The proprietors offer lots for sale on moderate terms to those who desire to improve them, and invite the public to examine for themselves.

A. C. Allen, for A.C. & J. K. Allen.

Rediscovering the Forgotten Towns of Delaware County

Downtown Daleville, probably in the late 1880s.

Today, most Hoosiers would recognize only the city of Muncie and maybe a few other, smaller spots in Delaware County. But the area boasts many more towns, some of which have disappeared, all of which have their own amazing stories. 

Buckongahelas’ Town

In what is now Delaware County, there were at least three Lenape villages along the river that existed during the 1796–1821 timeframe. The first was known variously as Wapikamicoke, Old Town, or Buckongahelas’ Town. It was located on or near the intersection of Inlow Springs and Burlington Drive. 

The village was the principal settlement of the Unami-speaking Lenape band led by Chief Buckongahelas. There were approximately forty families at Buckongahelas’ Town, at least until 1805. One visitor described it as being “located on the left bank of the river about three miles southeast of the present town of Muncie, Delaware County. It was the first Indian village reached by the missionaries on the journey from Goshen [Ohio].” Over the years, the Moravian diaries often identify the town as the primary community and the principal village of Lenape.

Yorktown

Union Traction interurban traveling down Smith Street in Yorktown.

Yorktown was found at or near the location of the York Indian (Brothertown) Native American village on the bluff overlooking the confluence of the White River and Buck Creek. A man named Oliver Smith went to work in platting the new community, apparently under the impression that a canal would eventually reach the community, with a route “from Indianapolis to Toledo.” Today, a Canal Street runs along the bluff over Buck Creek as a testimony to Smith’s assumption. 

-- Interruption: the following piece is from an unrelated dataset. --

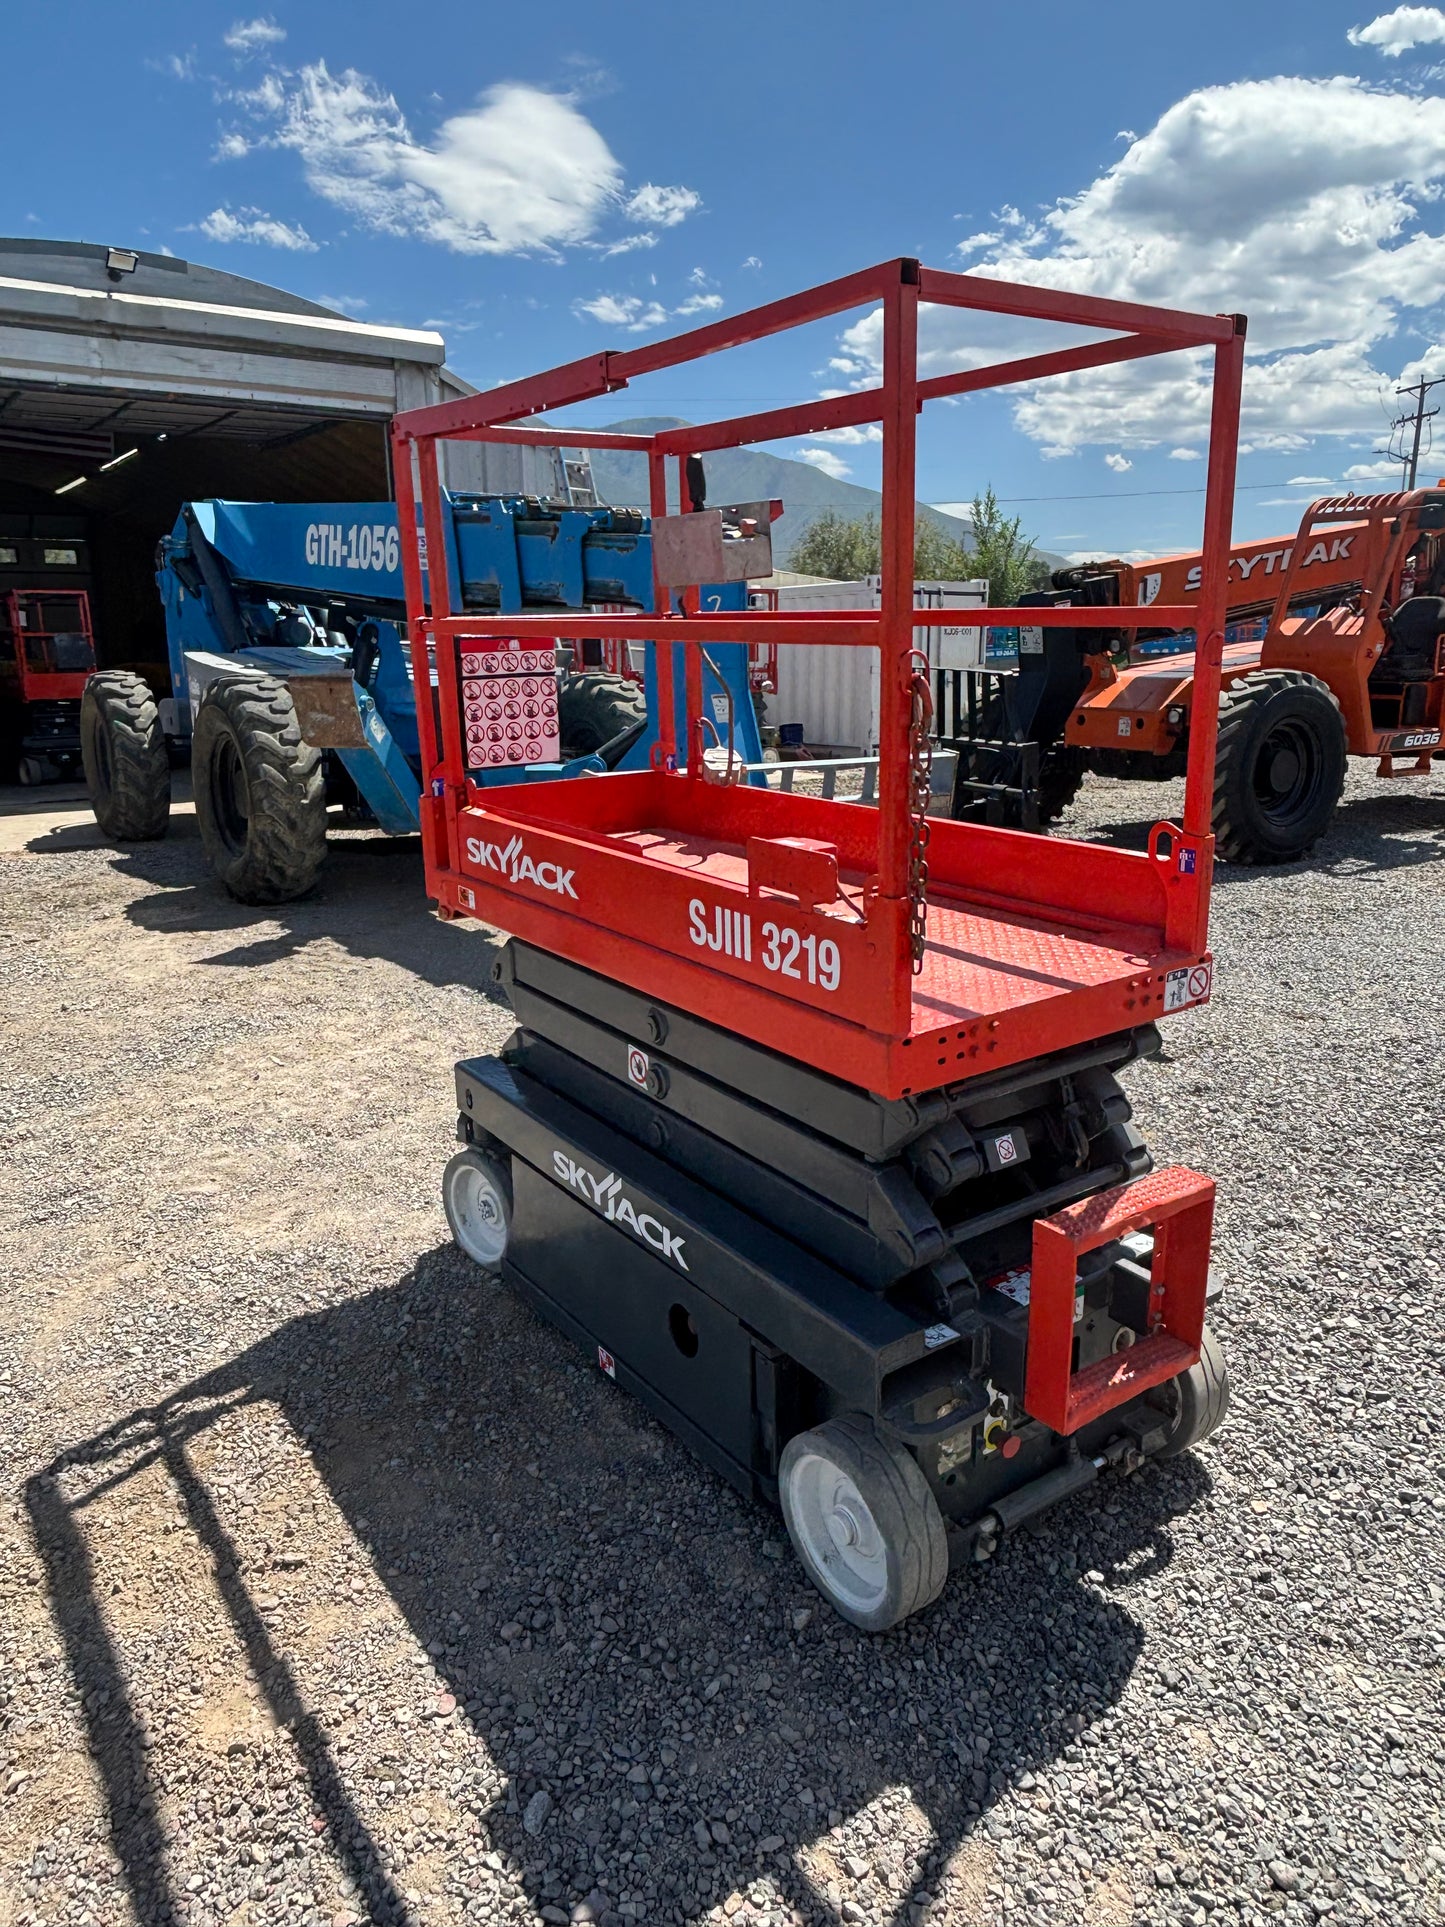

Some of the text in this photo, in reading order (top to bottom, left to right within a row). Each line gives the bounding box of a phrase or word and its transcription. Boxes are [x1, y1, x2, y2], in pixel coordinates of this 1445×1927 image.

The canal never arrived, but the Indianapolis State Road did, and years later, the Indianapolis and Bellefontaine Railroad arrived to connect Yorktown with the wider world. Like in many other east-central Indiana settlements, the gas boom brought commercial and economic prosperity to the town, so much so that residents voted to incorporate in 1913. Throughout much of the rest of the twentieth century, Yorktown remained a satellite community of Muncie. However, in the 1970s, Yorktown’s population began to grow as white flight from Muncie increased. In 2013, Yorktown and the Mount Pleasant Township merged as a single legal entity, operating as the Town of Yorktown. 

Daleville

Daleville was first settled by residents anticipating the arrival of a canal line, particularly a feeder system to the Central Canal. As one nineteenth-century Hoosier described it, “Great things were expected of Daleville, and great advantages were to accrue to it, in the earlier years of its existence, from the fact of its location upon one of the arteries of commerce—the canal.” The canal never arrived, and the community stagnated until the arrival of the Indianapolis and Bellefontaine Railroad in 1852. Daleville’s first post office was established in 1857. 

Macedonia

Macedonia School, built in 1883

Contrary to popular belief, Macedonia is not a ghost town. While the community has regressed a bit in terms of amenities, it is not extinct. Thomas Helm mentions the Macedonia village in his county history and indicates a William Suit as the general store proprietor and a Mr. Gross as the village blacksmith. The Macedonia Post Office appears on the 1887 Atlas of Delaware County. It existed from 1878 to 1884 and again from 1885 to 1890.

Dogtown

Lying a little southwest of Eaton, the hamlet of Dogtown historically served as a crossroads community at the intersection of the Shideler Free Pike and the Studebaker Pike (now Highway 3 and East County Road 900 North). It is likely that Dogtown grew organically at this intersection around the tollhouse and school #11, both of which appear on the 1887 Atlas of Delaware County. Along with the school and tollhouse, Dogtown had a church, several buildings, residential houses and a few commercial enterprises. A filling station existed as late as 1937 and the school was known as Maple Grove School. Maple Grove also served as a voting center.